Someone very astutely and aptly named
the school Christopher Gist High School and adopted as
the school's emblems the arrowhead and the tomahawk. One
can imagine the energy and excitement with which those
tributes to a distant past were contemplated. One may
also comprehend that, with the passage of time, the
distant past and not-so-distant past eventually meld
together.
Additional Information about Pound and Christopher Gist Schools
Christopher Gist High School served Pound, Virginia
for a twenty-five year period, beginning in the late
1920's. The small high school drew its student
population from the entire, sparsely populated, Pound
River Basin lying in the Appalachian Mountains of
Southwestern Virginia.
CGHS graduated its final
class, consisting of thirty-six students, in May, 1953.

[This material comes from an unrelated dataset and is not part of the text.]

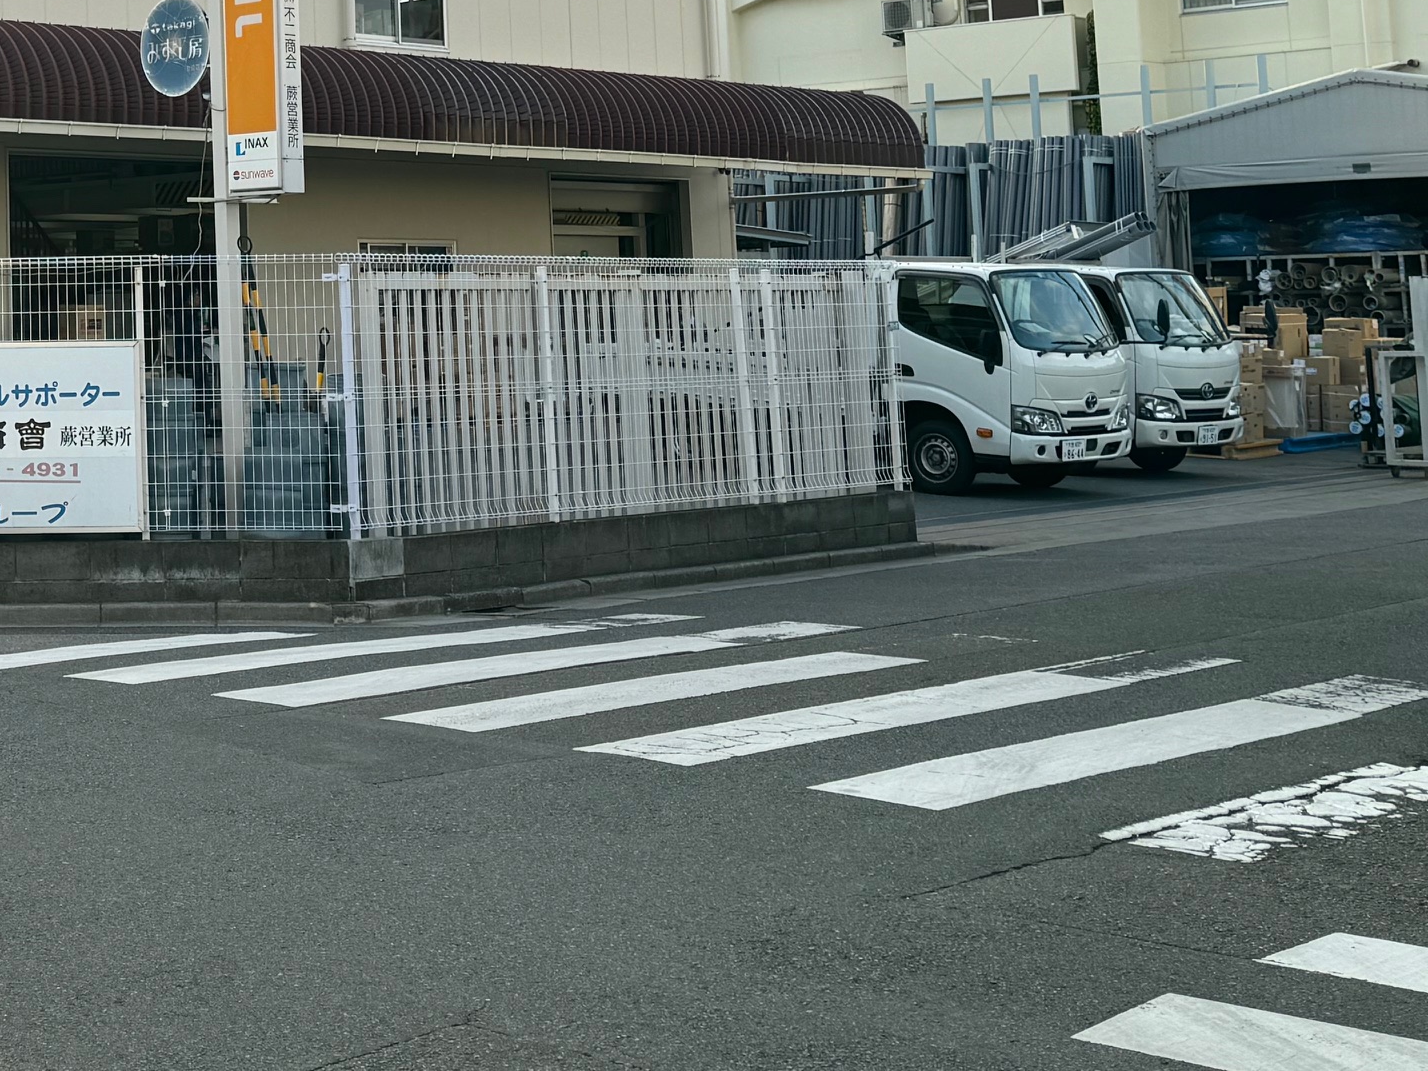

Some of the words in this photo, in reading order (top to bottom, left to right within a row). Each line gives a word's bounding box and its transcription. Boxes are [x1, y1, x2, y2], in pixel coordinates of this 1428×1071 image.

The school closed around Thanksgiving of that same year,
having been replaced by a new Pound High School, no
longer named Christopher Gist.
It is presumed
that early in the twentieth century Christopher Gist was
a name of some notoriety in and around Pound, Virginia.
Gist was indeed a significant historical figure, whose
accomplishments as a woodsman, explorer, map maker, and
emissary on the western frontier of Colonial Virginia
during the 1750's were widely known, and perhaps
unrivaled, among his peers. Gist was, in fact, a major
contributor to the history-making developments of his
time.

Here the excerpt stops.